The Denver Post

To keep juveniles behind bars for life, Brauchler abandons rule of law

- By Sean Connelly

Last Tuesday, I had the honor of representi­ng a convicted felony murderer before the Colorado Supreme Court. He is guilty as charged, and an innocent man is dead. But there is so much more to the story.

In 1995, Curtis Brooks, a 15-year-old new to the Denver area and left homeless by a drug-addicted mother, did the worst thing of his life; he did not intend to and did not personally kill anyone, but he joined a robbery that led to a “felony murder” conviction. Sentenced to life without parole, our system unconstitu­tionally told this teenager he would die in prison.

Curtis refused to give up hope. He grew into a model adult who has learned foreign languages and is taking college courses. He has earned the support of everyone who has gotten to know him including: a juror who convicted him, the investigat­ing detective, and the original sentencing judge. His leading advocate is his former elementary school principal who now is a Maryland state senator.

Under a 2016 Colorado law passed after the U.S. Supreme Court invalidate­d juvenile mandatory life without parole sentences, juvenile offenders like Curtis now are eligible to be sen- tenced a maximum of 30 to 50 years’ imprisonme­nt if there are extraordin­ary mitigating circumstan­ces. This law, harsher than many other states’ juvenile sentencing laws, is nothing special; it simply cures Colorado’s prior unconstitu­tional sentencing of juveniles.

Arapahoe County District Attorney George Brauchler, defying the Colorado General Assembly, is struggling to invalidate this curative Colorado law as “special” legislatio­n under a rarely-applied provision of our 1876 state constituti­on. That misguided attack is ably refuted by briefs filed by legal scholars expert in that dusty old provision and by Denver District Attorney Beth Mccann and her senior chief deputy Bob Russel, who courageous­ly have broken ranks with other prosecutor­s.

Where is Attorney General Cynthia Coffman, whose office must defend laws enacted by our legislatur­e? She’s officially sitting this one out, even though the Brauchler attack would have pernicious effects on future Colorado laws that must be defended by the office that she holds and that Brauchler will seek in the November election.

This sorry episode is reminiscen­t of the Trump Justice Department. Attorney General Jeff Sessions, hoping to placate a boss angered by a special counsel investigat­ion, is attacking rather than enforcing federal law: the Affordable Care Act (aka “Obamacare”). Some loved that law, others hated it, but the current Congress kept it alive with a weakened individual mandate. Unable to repeal and replace it despite a Republican-controlled Congress, the Trump Administra­tion wants federal courts to strike down the legislativ­e compromise.
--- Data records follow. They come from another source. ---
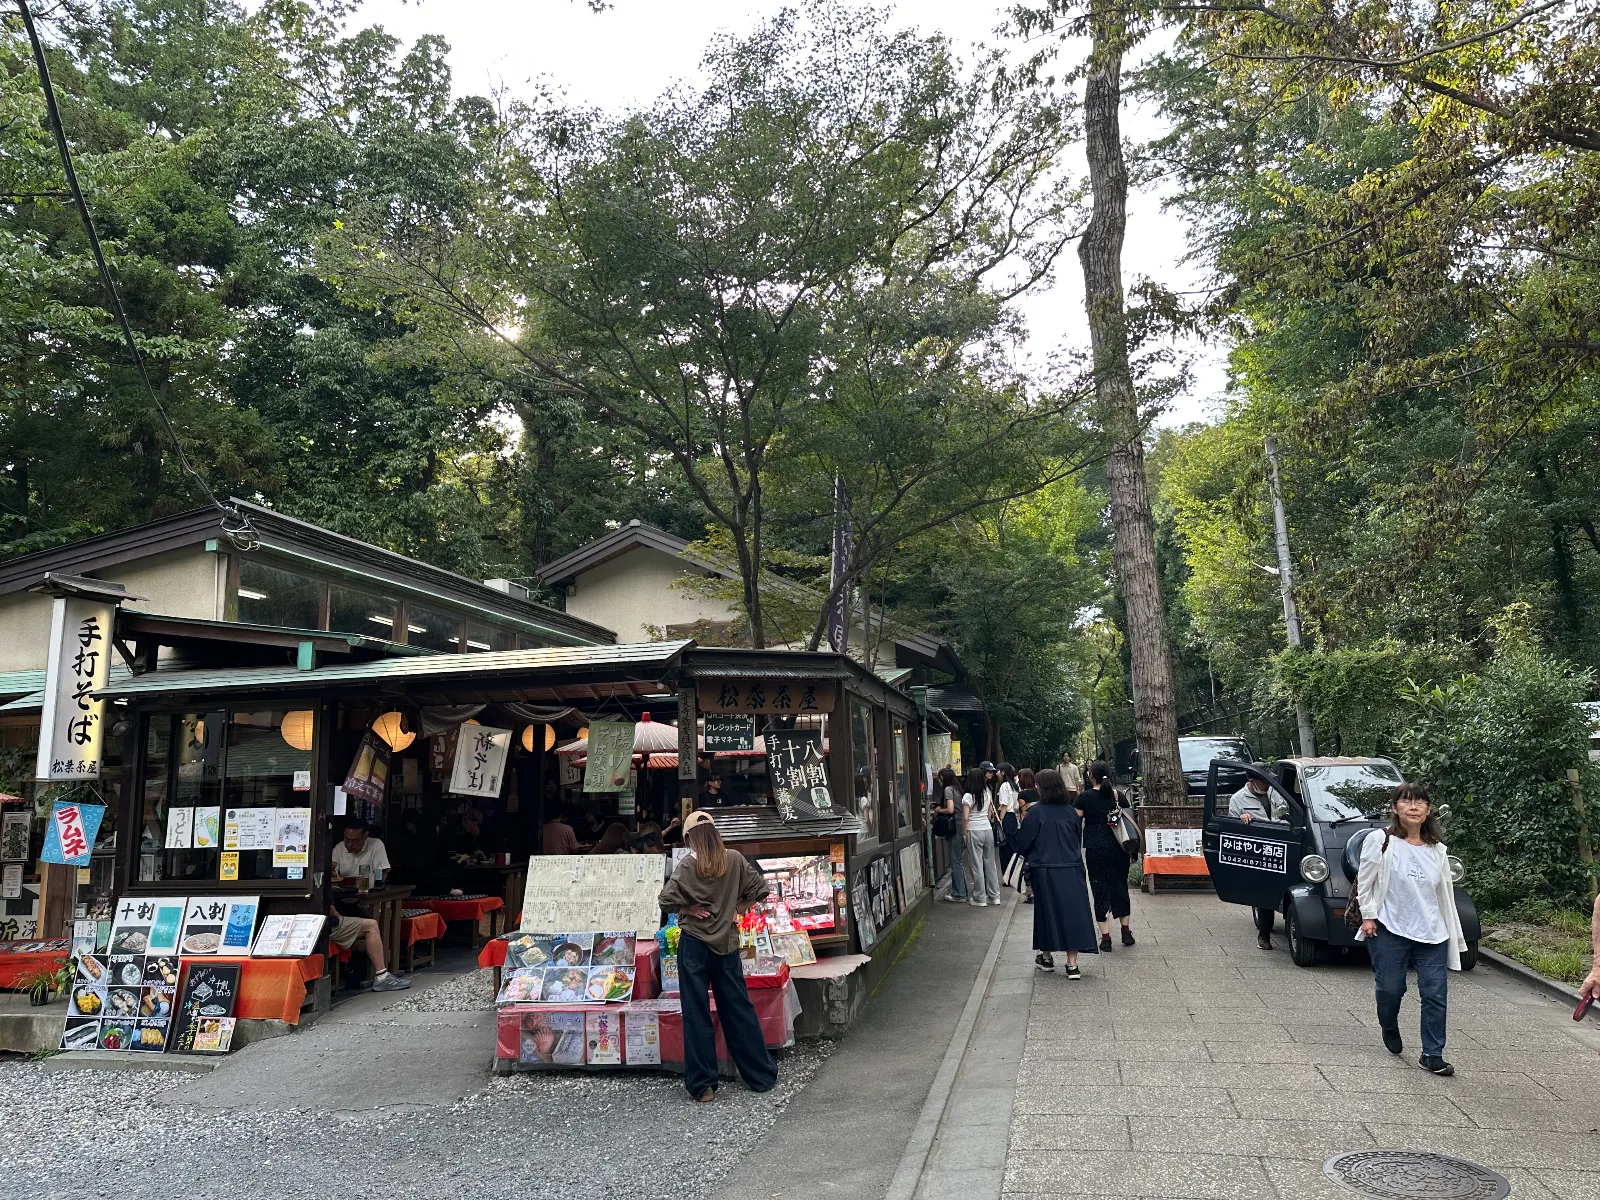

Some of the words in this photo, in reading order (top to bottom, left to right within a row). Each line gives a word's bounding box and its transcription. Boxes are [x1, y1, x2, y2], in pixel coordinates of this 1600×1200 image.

[67, 616, 102, 745] 手打そば
[706, 723, 752, 732] クレジットカード
[706, 735, 740, 744] 電子マネー
[52, 758, 98, 776] 松葉茶屋
[782, 739, 808, 790] 十割
[803, 739, 828, 787] 八割
[344, 776, 384, 802] 冷えてます
[767, 734, 798, 821] 手打ち蕎麦
[58, 807, 86, 856] ラムネ
[174, 809, 187, 848] うどん
[1223, 839, 1284, 858] みはやし酒店
[120, 902, 156, 921] 十割
[190, 902, 226, 922] 八割
Like their Trump Administra­tion counterpar­ts, the Brauchler/coffman team elevated their preferred policies over the rule of law. Rather than perform the executive duties assigned to their offices, those two officials decided they knew better than Colorado’s General Assembly.

A pre-trump precedent for the executive branch attacking rather than defending enacted laws is the Obama Administra­tion’s constituti­onal challenge to the so-called Defense of Marriage Act. That challenge engendered conservati­ve outcry — how dare an attorney general not defend a law! — and even thoughtful observers acknowledg­ed the competing concerns. But there, unlike here, fundamenta­l constituti­onal rights were at stake.

The prosecutio­n attack on Colorado juvenile sentencing law and the Justice Department attack on federal health care law are unjustifia­ble because they raise no transcende­nt principles of fundamenta­l constituti­onal law. Rather, they raise abstruse arguments for overturnin­g a law that executive branch officials wish had not been enacted.

Curtis Brooks is in his third decade of serving an unconstitu­tional sentence while prosecutor­s attack a curative Colorado law. Otherwise, he already would have been resentence­d by recently-promoted judge-now-justice Carlos Samour.

The Colorado Supreme Court should uphold the Colorado juvenile sentencing reforms. And Colorado’s chief executive, Gov. John Hickenloop­er, has under considerat­ion a well-deserved clemency petition that could result in Curtis’s release. While justice is being delayed, it should not ultimately be denied to Curtis.

Even so, our system is harmed by executive branch officials who do not enforce our laws. Those who occupy or seek the office of attorney general should put the rule of law above their own policy preference­s.

Sean Connelly, a former U.S. Justice Department attorney and judge on the Colorado Court of Appeals, is in private practice in Denver.